## PROBLEM TO WORK ON
Reproduce exactly the span of lines that opens with the line containing "this 1440×2560 image." and closes with the last line of the entries below.

[DATASET EXCERPTS — start]

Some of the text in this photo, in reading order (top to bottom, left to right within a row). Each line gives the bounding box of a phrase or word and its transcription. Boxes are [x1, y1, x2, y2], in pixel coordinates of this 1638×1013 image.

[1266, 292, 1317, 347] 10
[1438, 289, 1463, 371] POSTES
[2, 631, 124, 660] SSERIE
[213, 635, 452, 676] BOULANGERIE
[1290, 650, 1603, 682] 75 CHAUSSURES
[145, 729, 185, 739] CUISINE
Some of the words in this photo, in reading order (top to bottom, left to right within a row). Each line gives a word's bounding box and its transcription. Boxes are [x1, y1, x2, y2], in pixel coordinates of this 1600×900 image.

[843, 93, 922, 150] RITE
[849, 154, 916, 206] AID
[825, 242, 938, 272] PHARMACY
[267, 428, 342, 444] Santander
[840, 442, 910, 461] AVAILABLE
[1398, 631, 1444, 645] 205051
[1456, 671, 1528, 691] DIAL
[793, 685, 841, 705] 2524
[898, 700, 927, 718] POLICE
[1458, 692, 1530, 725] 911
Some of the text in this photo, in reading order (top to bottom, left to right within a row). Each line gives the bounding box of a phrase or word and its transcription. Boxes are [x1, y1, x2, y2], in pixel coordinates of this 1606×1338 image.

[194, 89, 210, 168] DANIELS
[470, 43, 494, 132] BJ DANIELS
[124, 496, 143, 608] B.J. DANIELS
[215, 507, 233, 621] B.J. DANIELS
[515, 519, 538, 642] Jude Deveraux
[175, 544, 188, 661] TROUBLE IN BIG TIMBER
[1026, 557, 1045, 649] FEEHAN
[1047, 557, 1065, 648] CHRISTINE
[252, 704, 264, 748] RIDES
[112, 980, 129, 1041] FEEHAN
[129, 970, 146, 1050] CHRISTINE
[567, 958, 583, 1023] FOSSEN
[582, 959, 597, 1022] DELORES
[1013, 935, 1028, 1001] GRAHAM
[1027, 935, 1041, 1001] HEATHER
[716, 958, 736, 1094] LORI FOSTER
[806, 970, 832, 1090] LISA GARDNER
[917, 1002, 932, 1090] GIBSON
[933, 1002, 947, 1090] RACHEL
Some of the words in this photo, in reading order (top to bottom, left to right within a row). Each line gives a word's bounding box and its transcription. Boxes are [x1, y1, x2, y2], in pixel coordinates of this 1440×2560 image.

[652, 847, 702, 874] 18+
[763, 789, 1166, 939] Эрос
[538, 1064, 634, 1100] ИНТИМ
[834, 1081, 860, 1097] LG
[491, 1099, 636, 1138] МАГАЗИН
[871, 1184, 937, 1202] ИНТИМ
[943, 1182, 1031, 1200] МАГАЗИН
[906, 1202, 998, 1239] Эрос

[DATASET EXCERPTS — finish]

## SOLVED EXERCISE
Some of the words in this photo, in reading order (top to bottom, left to right within a row). Each line gives a word's bounding box and its transcription. Boxes are [x1, y1, x2, y2], in pixel coordinates of this 1440×2560 image.

[652, 847, 702, 874] 18+
[763, 789, 1166, 939] Эрос
[538, 1064, 634, 1100] ИНТИМ
[834, 1081, 860, 1097] LG
[491, 1099, 636, 1138] МАГАЗИН
[871, 1184, 937, 1202] ИНТИМ
[943, 1182, 1031, 1200] МАГАЗИН
[906, 1202, 998, 1239] Эрос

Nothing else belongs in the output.